◆ **Exercise brief**
An exact copy of all entries is required.

Extracted material: Begin

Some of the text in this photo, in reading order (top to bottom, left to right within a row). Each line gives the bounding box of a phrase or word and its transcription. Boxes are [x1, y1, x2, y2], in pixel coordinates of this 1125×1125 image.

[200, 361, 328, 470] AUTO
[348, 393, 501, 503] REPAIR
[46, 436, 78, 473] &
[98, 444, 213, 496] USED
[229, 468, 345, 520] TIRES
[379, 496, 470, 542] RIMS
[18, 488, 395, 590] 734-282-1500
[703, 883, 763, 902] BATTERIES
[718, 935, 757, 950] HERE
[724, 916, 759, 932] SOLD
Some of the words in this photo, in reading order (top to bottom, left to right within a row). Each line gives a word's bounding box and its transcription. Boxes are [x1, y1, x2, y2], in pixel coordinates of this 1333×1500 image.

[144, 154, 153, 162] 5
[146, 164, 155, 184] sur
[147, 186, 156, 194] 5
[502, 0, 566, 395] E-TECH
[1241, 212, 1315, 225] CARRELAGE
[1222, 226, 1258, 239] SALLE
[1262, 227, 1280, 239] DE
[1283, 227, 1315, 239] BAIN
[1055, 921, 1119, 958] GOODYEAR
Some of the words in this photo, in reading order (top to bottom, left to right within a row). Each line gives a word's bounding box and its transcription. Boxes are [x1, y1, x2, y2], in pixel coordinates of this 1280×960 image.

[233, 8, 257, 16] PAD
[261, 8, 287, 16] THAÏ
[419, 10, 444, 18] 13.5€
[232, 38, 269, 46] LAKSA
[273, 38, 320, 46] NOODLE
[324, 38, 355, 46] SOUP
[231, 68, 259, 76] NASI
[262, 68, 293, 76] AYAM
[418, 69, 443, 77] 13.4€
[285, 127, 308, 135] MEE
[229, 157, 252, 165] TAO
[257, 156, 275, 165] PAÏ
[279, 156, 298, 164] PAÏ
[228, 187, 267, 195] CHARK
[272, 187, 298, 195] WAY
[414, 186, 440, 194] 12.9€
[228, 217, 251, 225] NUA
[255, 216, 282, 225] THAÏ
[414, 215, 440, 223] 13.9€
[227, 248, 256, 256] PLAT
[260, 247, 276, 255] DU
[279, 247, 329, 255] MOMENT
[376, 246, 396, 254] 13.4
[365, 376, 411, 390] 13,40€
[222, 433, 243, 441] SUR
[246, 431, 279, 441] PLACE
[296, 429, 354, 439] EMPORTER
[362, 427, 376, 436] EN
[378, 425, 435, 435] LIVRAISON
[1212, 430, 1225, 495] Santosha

Extracted material: End

◆ **Exercise result**
Some of the text in this photo, in reading order (top to bottom, left to right within a row). Each line gives the bounding box of a phrase or word and its transcription. Boxes are [x1, y1, x2, y2], in pixel coordinates of this 1125×1125 image.

[200, 361, 328, 470] AUTO
[348, 393, 501, 503] REPAIR
[46, 436, 78, 473] &
[98, 444, 213, 496] USED
[229, 468, 345, 520] TIRES
[379, 496, 470, 542] RIMS
[18, 488, 395, 590] 734-282-1500
[703, 883, 763, 902] BATTERIES
[718, 935, 757, 950] HERE
[724, 916, 759, 932] SOLD
Some of the words in this photo, in reading order (top to bottom, left to right within a row). Each line gives a word's bounding box and its transcription. Boxes are [x1, y1, x2, y2], in pixel coordinates of this 1333×1500 image.

[144, 154, 153, 162] 5
[146, 164, 155, 184] sur
[147, 186, 156, 194] 5
[502, 0, 566, 395] E-TECH
[1241, 212, 1315, 225] CARRELAGE
[1222, 226, 1258, 239] SALLE
[1262, 227, 1280, 239] DE
[1283, 227, 1315, 239] BAIN
[1055, 921, 1119, 958] GOODYEAR
Some of the words in this photo, in reading order (top to bottom, left to right within a row). Each line gives a word's bounding box and its transcription. Boxes are [x1, y1, x2, y2], in pixel coordinates of this 1280×960 image.

[233, 8, 257, 16] PAD
[261, 8, 287, 16] THAÏ
[419, 10, 444, 18] 13.5€
[232, 38, 269, 46] LAKSA
[273, 38, 320, 46] NOODLE
[324, 38, 355, 46] SOUP
[231, 68, 259, 76] NASI
[262, 68, 293, 76] AYAM
[418, 69, 443, 77] 13.4€
[285, 127, 308, 135] MEE
[229, 157, 252, 165] TAO
[257, 156, 275, 165] PAÏ
[279, 156, 298, 164] PAÏ
[228, 187, 267, 195] CHARK
[272, 187, 298, 195] WAY
[414, 186, 440, 194] 12.9€
[228, 217, 251, 225] NUA
[255, 216, 282, 225] THAÏ
[414, 215, 440, 223] 13.9€
[227, 248, 256, 256] PLAT
[260, 247, 276, 255] DU
[279, 247, 329, 255] MOMENT
[376, 246, 396, 254] 13.4
[365, 376, 411, 390] 13,40€
[222, 433, 243, 441] SUR
[246, 431, 279, 441] PLACE
[296, 429, 354, 439] EMPORTER
[362, 427, 376, 436] EN
[378, 425, 435, 435] LIVRAISON
[1212, 430, 1225, 495] Santosha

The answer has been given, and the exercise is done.